Task goal:
Please return each entry that follows exactly as written, and keep the pictures out.

Available records:
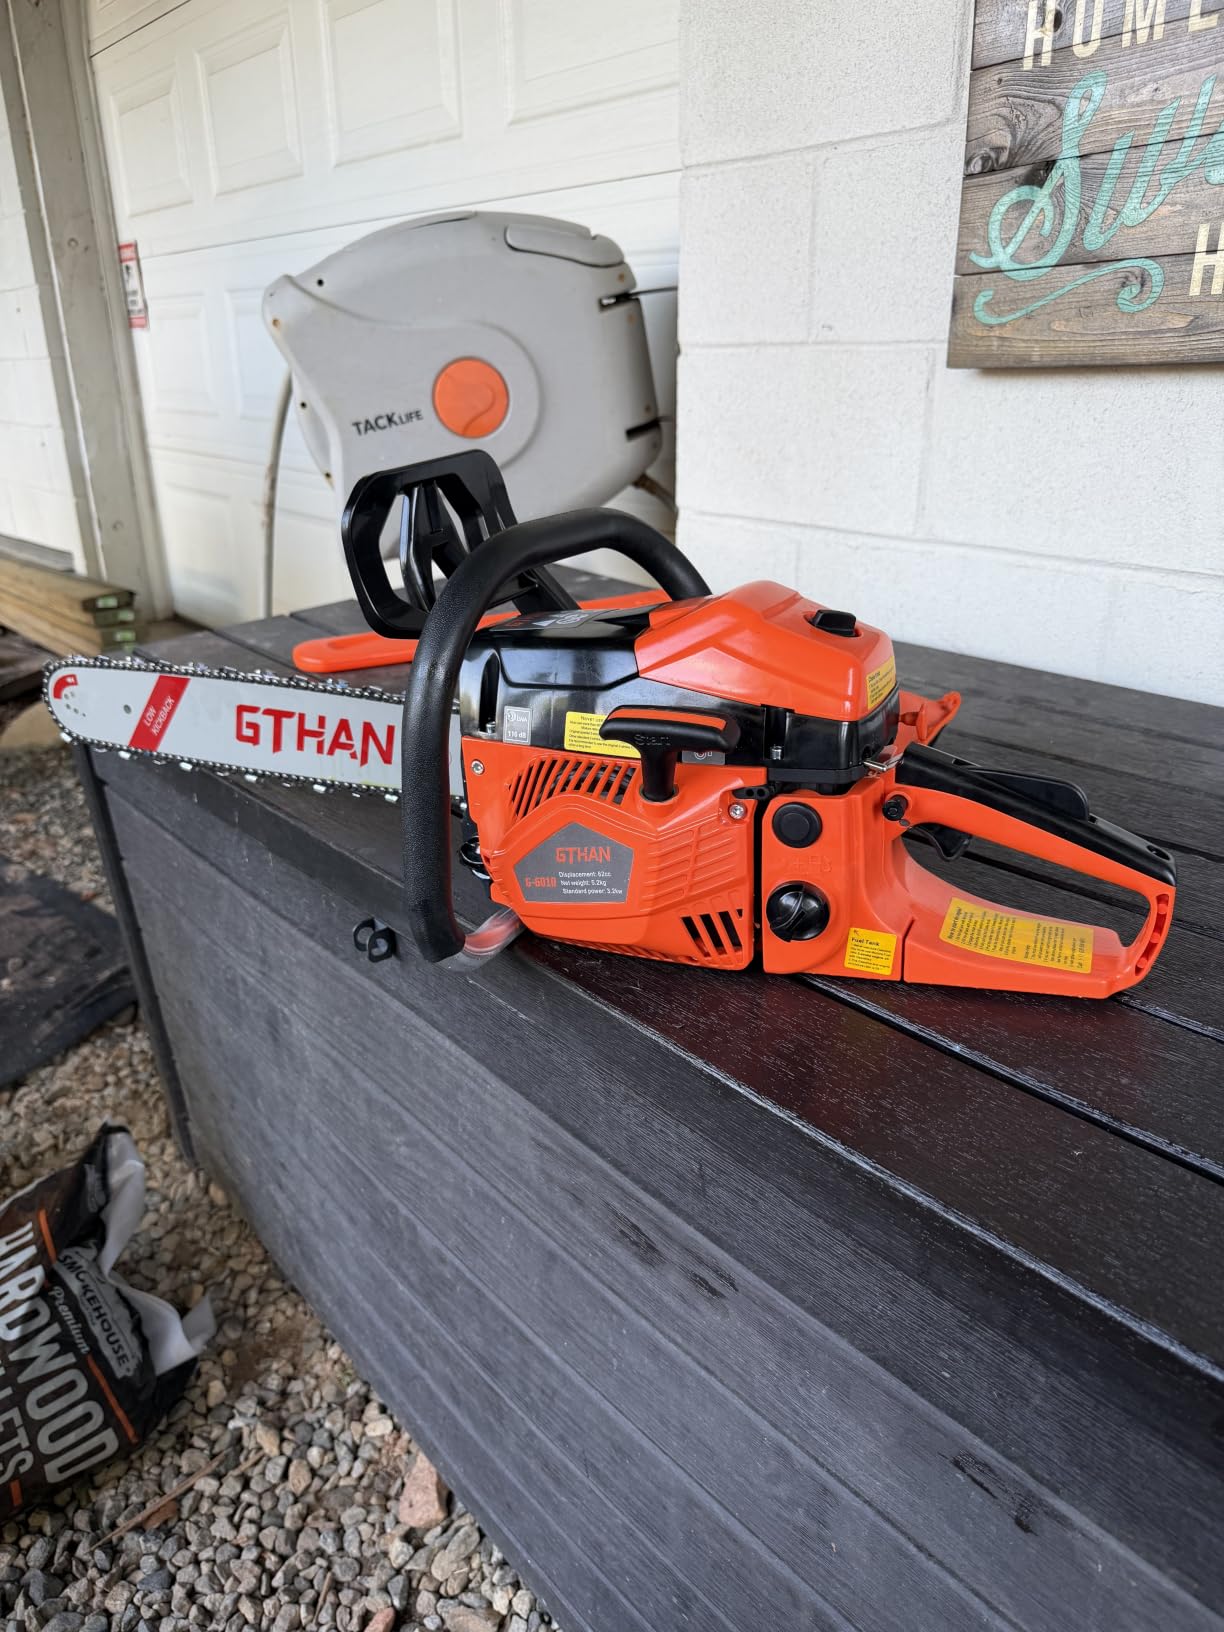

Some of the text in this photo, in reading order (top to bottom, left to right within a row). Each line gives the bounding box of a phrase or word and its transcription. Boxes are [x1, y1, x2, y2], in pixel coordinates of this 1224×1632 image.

[352, 410, 424, 436] TACKLIFE
[143, 705, 157, 727] LOW
[151, 695, 175, 737] KICKBACK
[236, 704, 396, 767] GTHAN
[555, 846, 611, 864] GTHAN
[48, 1285, 91, 1355] Premium

Output of the task:
Some of the text in this photo, in reading order (top to bottom, left to right within a row). Each line gives the bounding box of a phrase or word and its transcription. Boxes are [x1, y1, x2, y2], in pixel coordinates of this 1224×1632 image.

[352, 410, 424, 436] TACKLIFE
[143, 705, 157, 727] LOW
[151, 695, 175, 737] KICKBACK
[236, 704, 396, 767] GTHAN
[555, 846, 611, 864] GTHAN
[48, 1285, 91, 1355] Premium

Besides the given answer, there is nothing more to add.